Google, Meta enfrentam intimação da agência de crimes financeiros da Índia: eis o porquê

Google, Meta enfrentam intimação da agência de crimes financeiros da Índia: eis o porquê
Devesh Kumar
19 de jul. de 2025, 07:02 AM
  • ED investiga os links de anúncios do Google e da Meta para plataformas de apostas ilegais.
  • As alegações incluem aumentos de anúncios, apesar das advertências do governo.
  • Veja por que os titãs da tecnologia são pegos no fogo cruzado da repressão digital da Índia.

A agência de combate à lavagem de dinheiro da Índia, a Diretoria de Execução, convocou funcionários do Google e da Meta na segunda-feira em relação ao aumento de casos de lavagem de dinheiro por meio de aplicativos de apostas online.

A Reuters mencionou fontes anônimas do governo que informaram que a investigação gira em torno de alegações de que o Google e a Meta facilitaram o caminho para essas plataformas de apostas online e forneceram a elas um alcance mais amplo por meio de anúncios.

A medida marca um desenvolvimento significativo nos esforços crescentes da Índia para combater crimes financeiros no setor de apostas e jogos de azar digitais em rápido crescimento.

Por que o Google e a Meta são convocados?

Os avisos da Diretoria de Execução ao Google e à Meta fazem parte de uma investigação mais ampla sobre uma rede de aplicativos de apostas online que supostamente operam sob a cobertura de jogos baseados em habilidades.

As autoridades suspeitam que essas plataformas online movimentaram grandes somas, chegando a milhões de dólares por meio de rotas financeiras obscuras, incluindo redes hawala, dificultando o rastreamento do fluxo de dinheiro ilegal.

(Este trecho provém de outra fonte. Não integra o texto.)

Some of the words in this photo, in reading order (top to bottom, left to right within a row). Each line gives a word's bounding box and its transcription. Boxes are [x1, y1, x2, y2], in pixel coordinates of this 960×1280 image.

O que está levantando as sobrancelhas é como esses aplicativos conseguiram alcançar tantas pessoas. Os investigadores dizem que compraram espaço publicitário em plataformas de propriedade do Google e Meta, como Facebook e Instagram, e obtiveram uma colocação privilegiada.

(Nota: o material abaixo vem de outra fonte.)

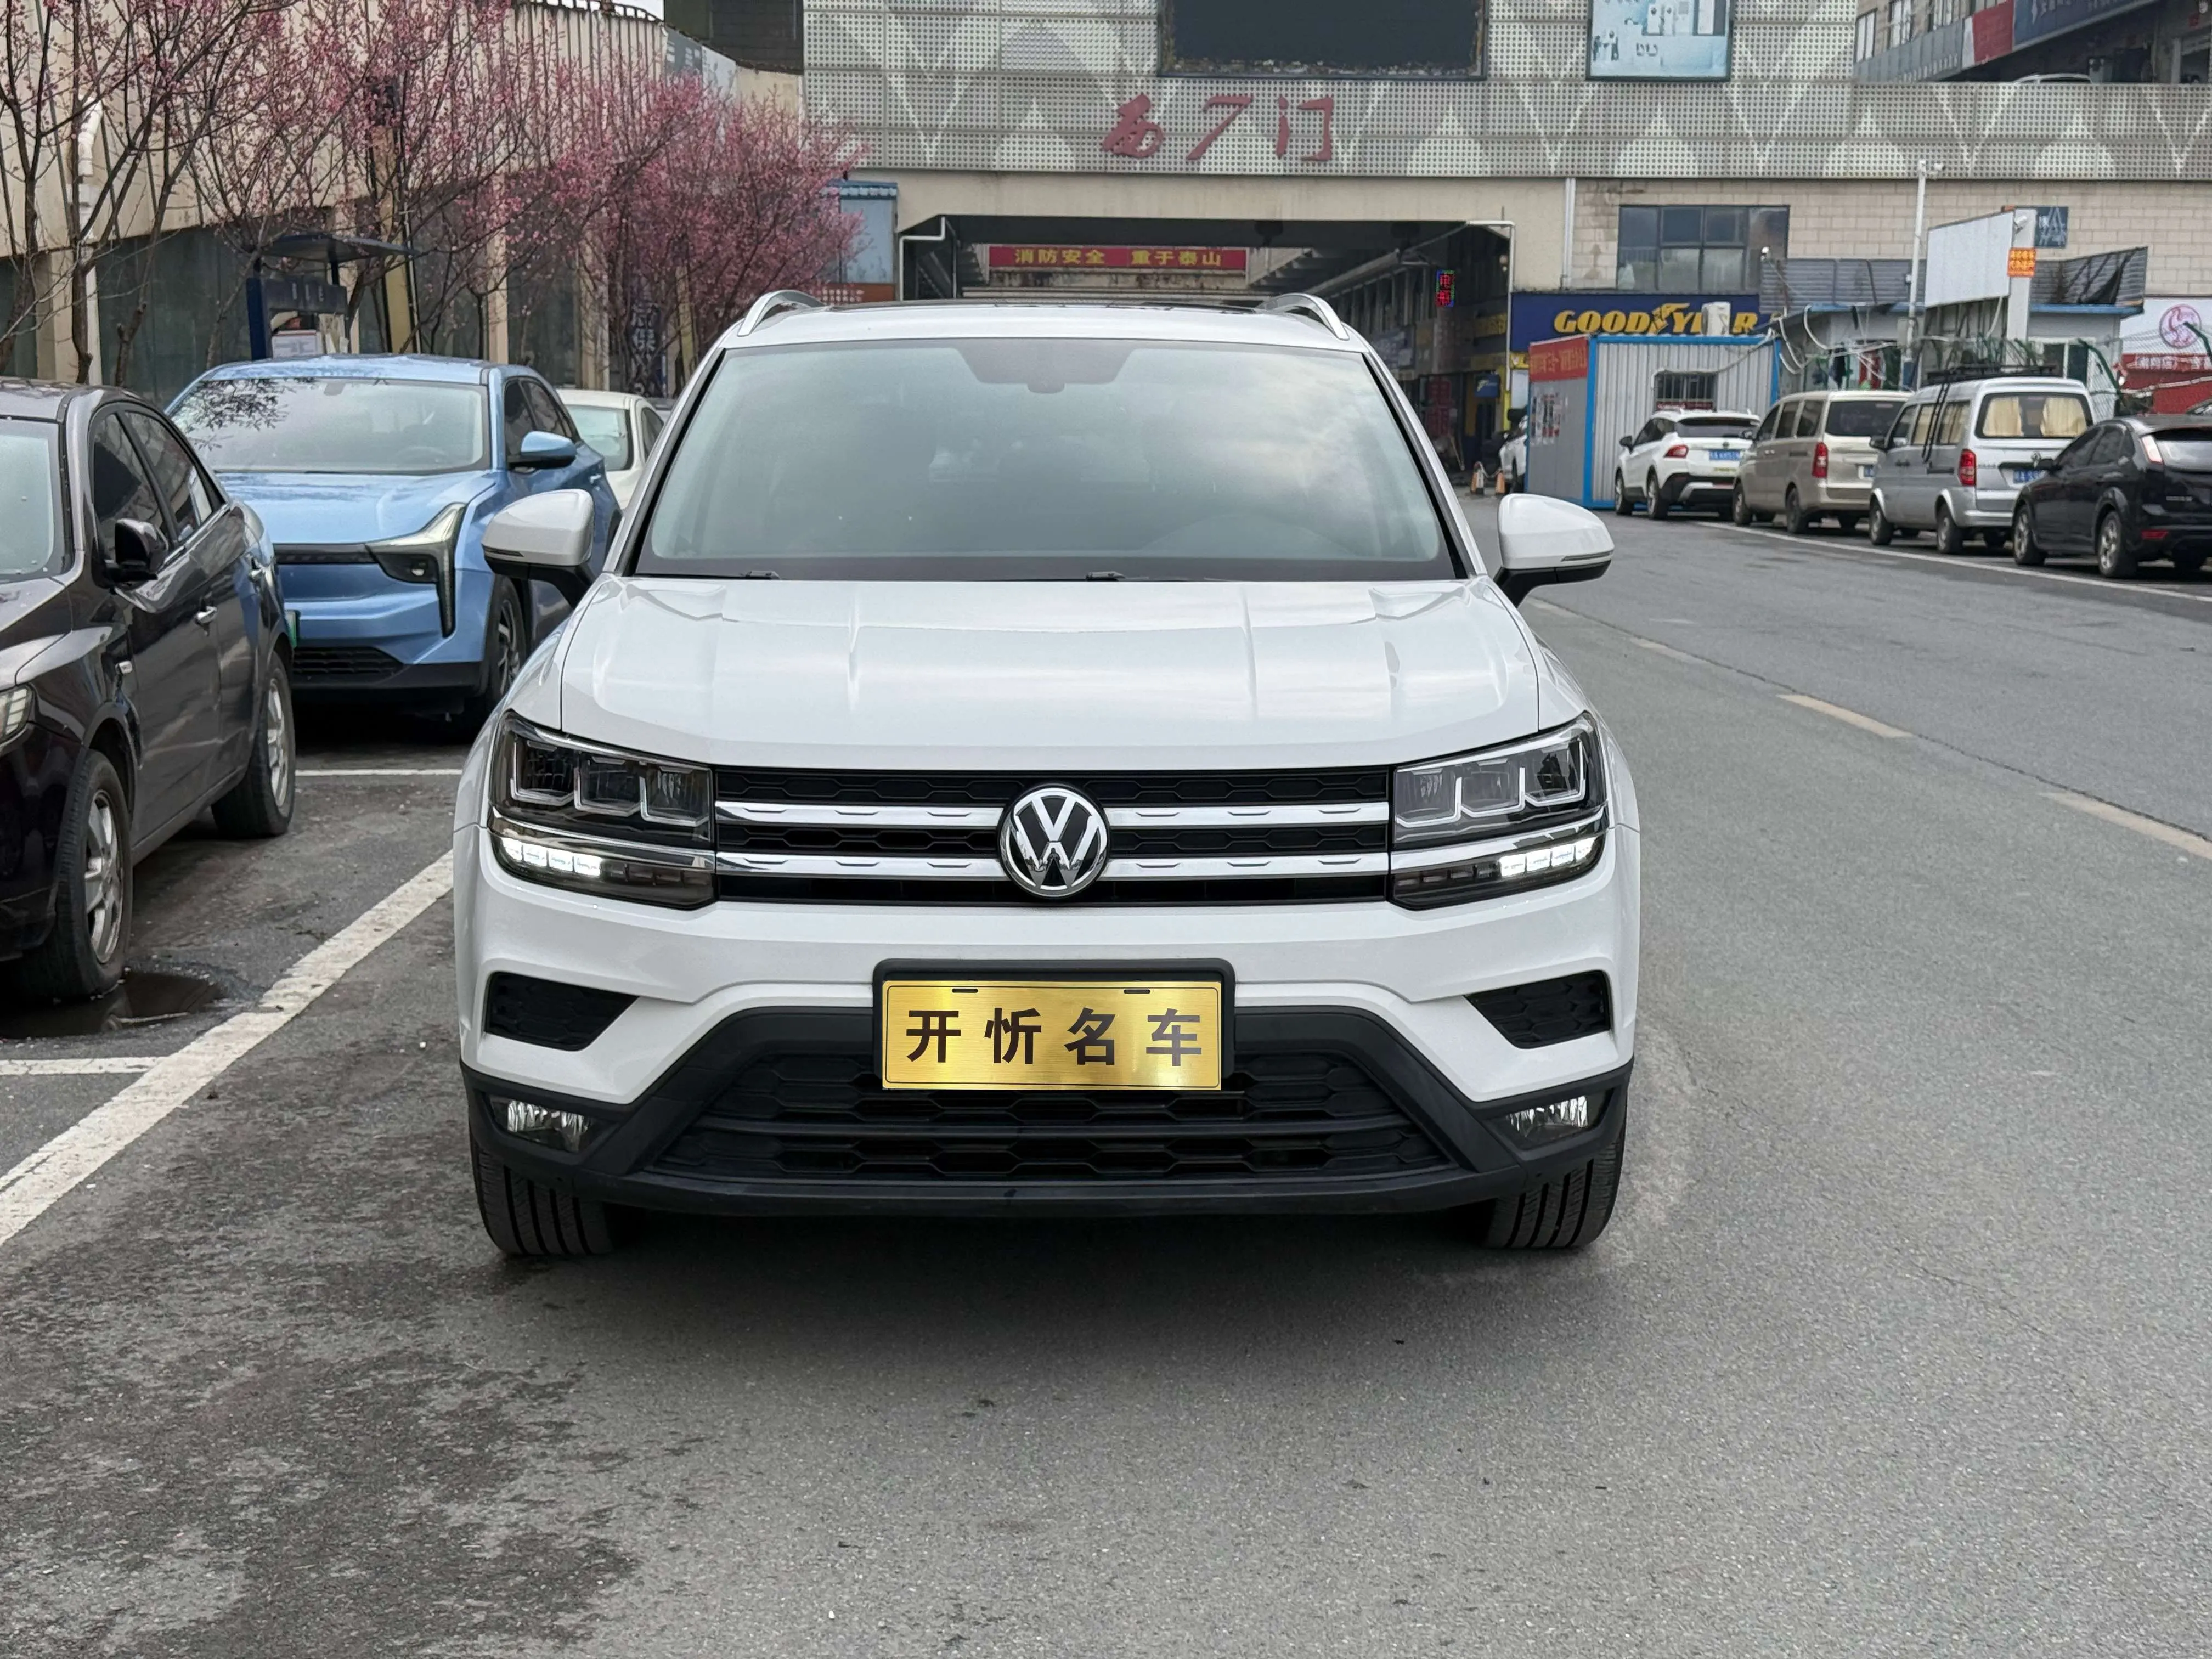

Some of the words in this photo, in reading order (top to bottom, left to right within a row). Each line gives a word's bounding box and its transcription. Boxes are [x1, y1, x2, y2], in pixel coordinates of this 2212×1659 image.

[1015, 248, 1106, 264] 消防安全
[1131, 249, 1222, 266] 重于泰山
[1554, 309, 1758, 334] GOODYR
[906, 1007, 1202, 1066] 开忻名车

O ED agora está investigando se os gigantes da tecnologia, conscientemente ou não, ajudaram a amplificar esses aplicativos por meio de promoções pagas e algoritmos que os colocaram na frente dos usuários indianos.

Principais alegações

O ED afirma que o Google e a Meta ajudaram os aplicativos de apostas a ganhar força, permitindo que seus promotores comprassem anúncios e aumentassem a visibilidade, apesar dos avisos do governo emitidos em 2022 alertando contra qualquer tipo de publicidade relacionada a apostas, online ou offline.

Os investigadores também estão investigando se os pagamentos trocados entre essas plataformas de tecnologia e os operadores de aplicativos de apostas podem ter violado a Lei de Prevenção à Lavagem de Dinheiro (PMLA), potencialmente ligando as empresas a atividades criminosas.

Aumentando a complexidade, muitos desses aplicativos de apostas nem mesmo executavam sua própria tecnologia. Em vez disso, eles usaram plataformas de marca branca, sistemas prontos que podem ser alugados e renomeados por qualquer pessoa disposta a pagar.

Os operadores locais colocavam seus próprios logotipos neles e comandavam o show, enquanto compartilhavam uma parte dos lucros com os desenvolvedores originais.

Para os reguladores, isso é um pesadelo. Isso confunde a trilha, confunde a responsabilidade e torna muito mais difícil descobrir quem está realmente por trás dessas operações.

Casos notáveis

A investigação do ED abriu a cortina sobre o que parece ser uma raquete de apostas vasta e bem organizada, ligada a várias plataformas de grandes nomes como Junglee Rummy, A23, JeetWin, Parimatch, Lotus365, Fairplay e Mahadev.

O caso Mahadev sozinho é enorme, no valor estimado de ₹ 6.000 crore, e já gerou polêmica sobre supostas conexões políticas e propinas envolvendo figuras poderosas.

Em uma grande reviravolta na semana passada, o ED nomeou 29 celebridades indianas em conexão com o caso. A lista inclui atores, personalidades da TV, influenciadores e YouTubers acusados de promover esses aplicativos de apostas ilegais.